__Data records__

__________________________________________________

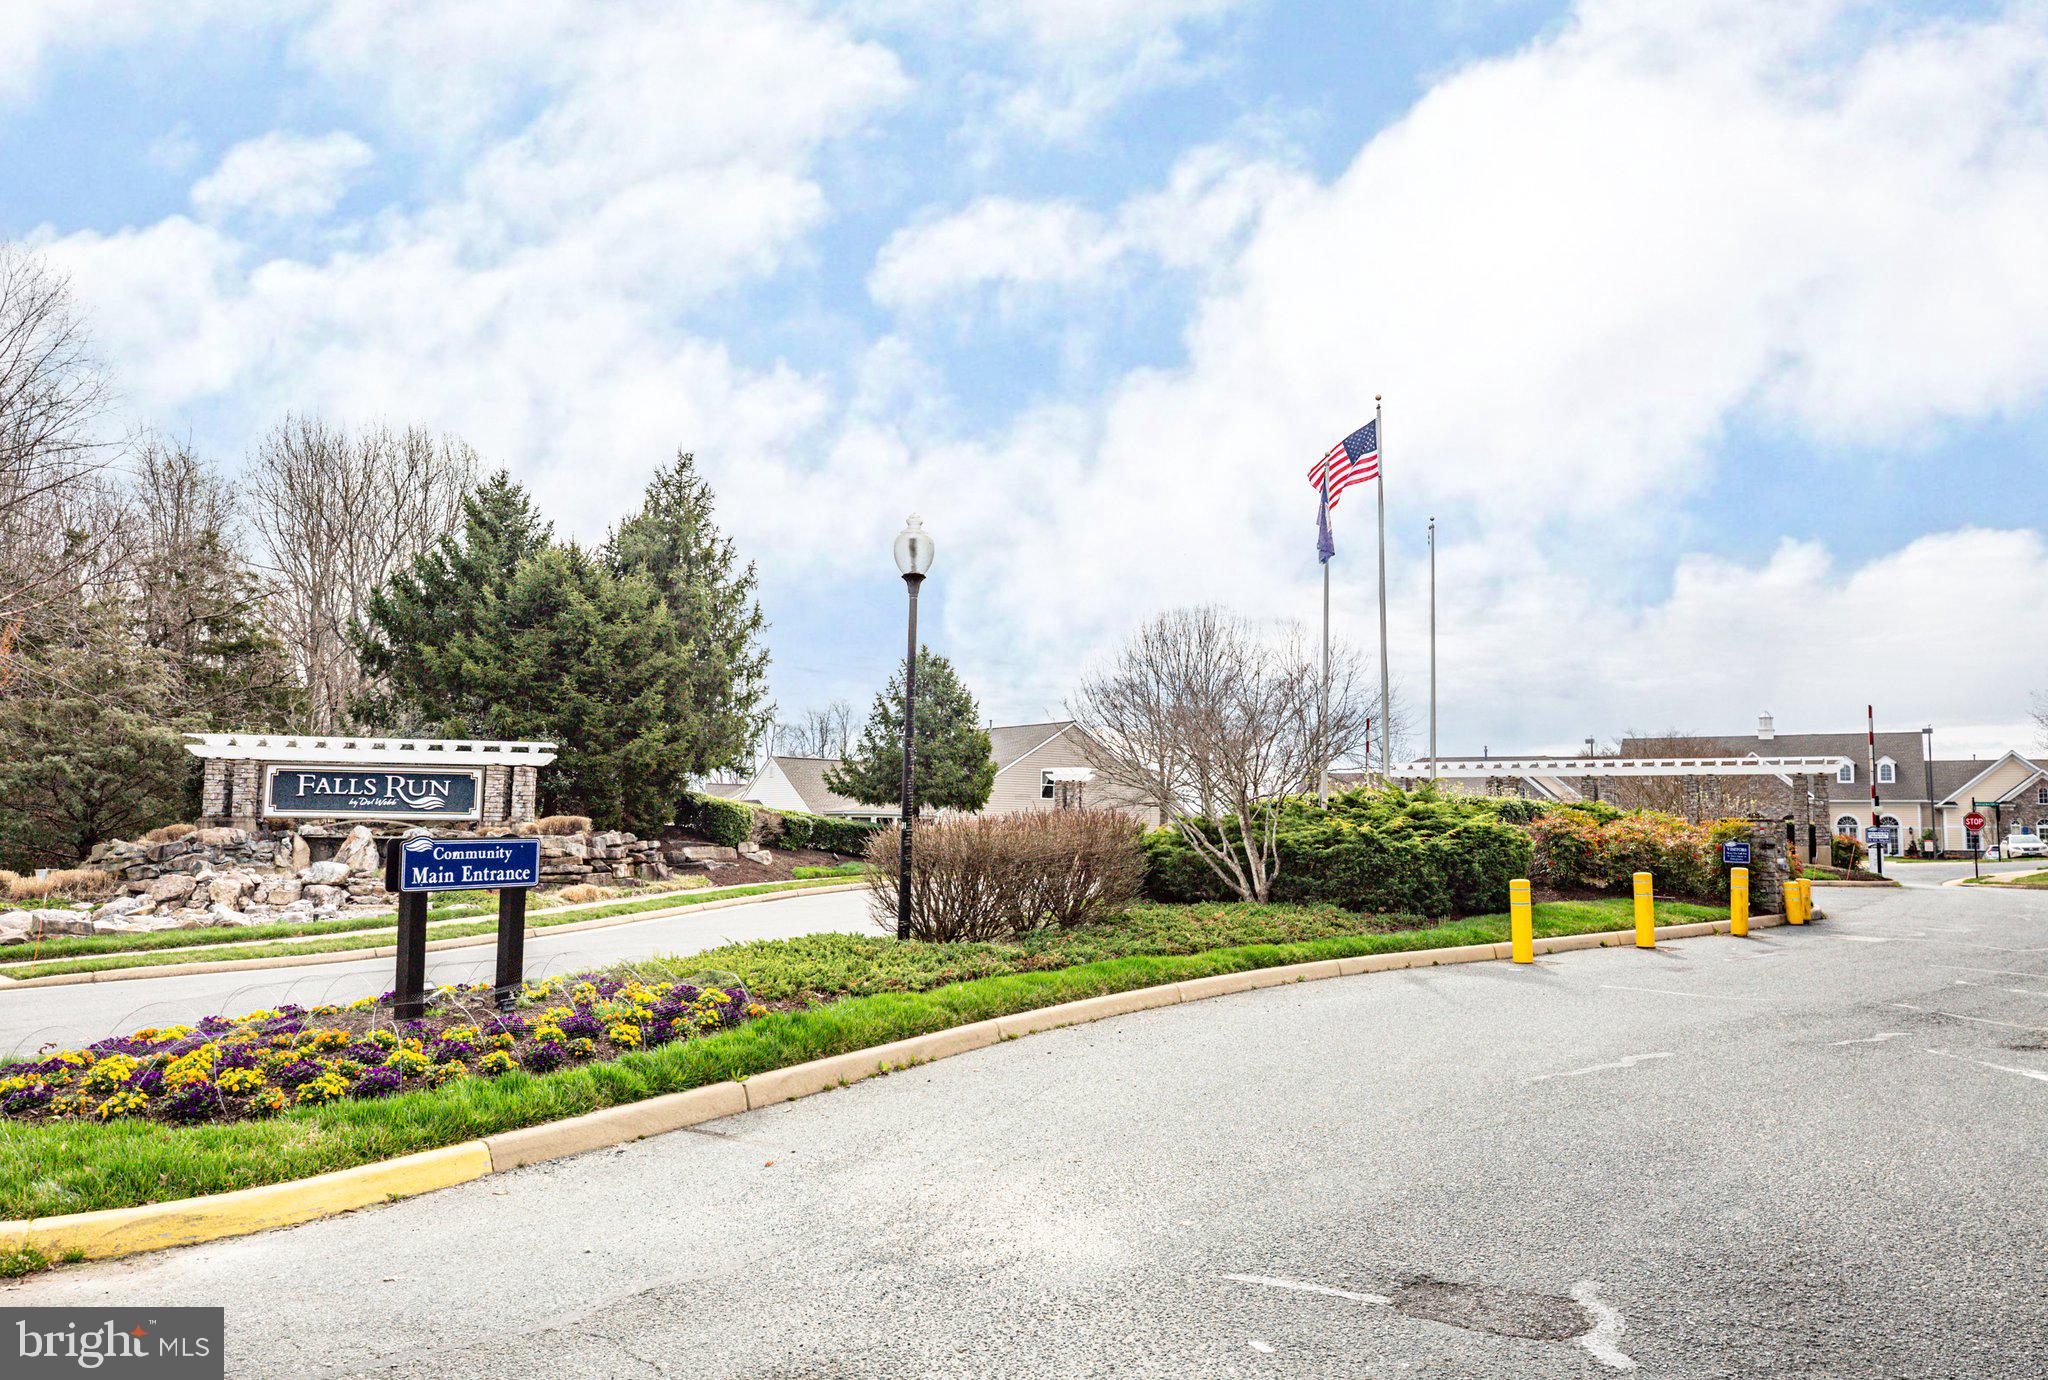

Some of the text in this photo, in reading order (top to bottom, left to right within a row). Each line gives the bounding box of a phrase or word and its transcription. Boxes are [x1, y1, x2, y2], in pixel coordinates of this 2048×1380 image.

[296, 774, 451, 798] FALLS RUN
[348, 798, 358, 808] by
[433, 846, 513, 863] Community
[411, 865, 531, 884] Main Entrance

__________________________________________________

__Brief__
Reproduce every line of the data above, exactly as it stands, but not the pictures.

__Task solution__
Some of the text in this photo, in reading order (top to bottom, left to right within a row). Each line gives the bounding box of a phrase or word and its transcription. Boxes are [x1, y1, x2, y2], in pixel coordinates of this 2048×1380 image.

[296, 774, 451, 798] FALLS RUN
[348, 798, 358, 808] by
[433, 846, 513, 863] Community
[411, 865, 531, 884] Main Entrance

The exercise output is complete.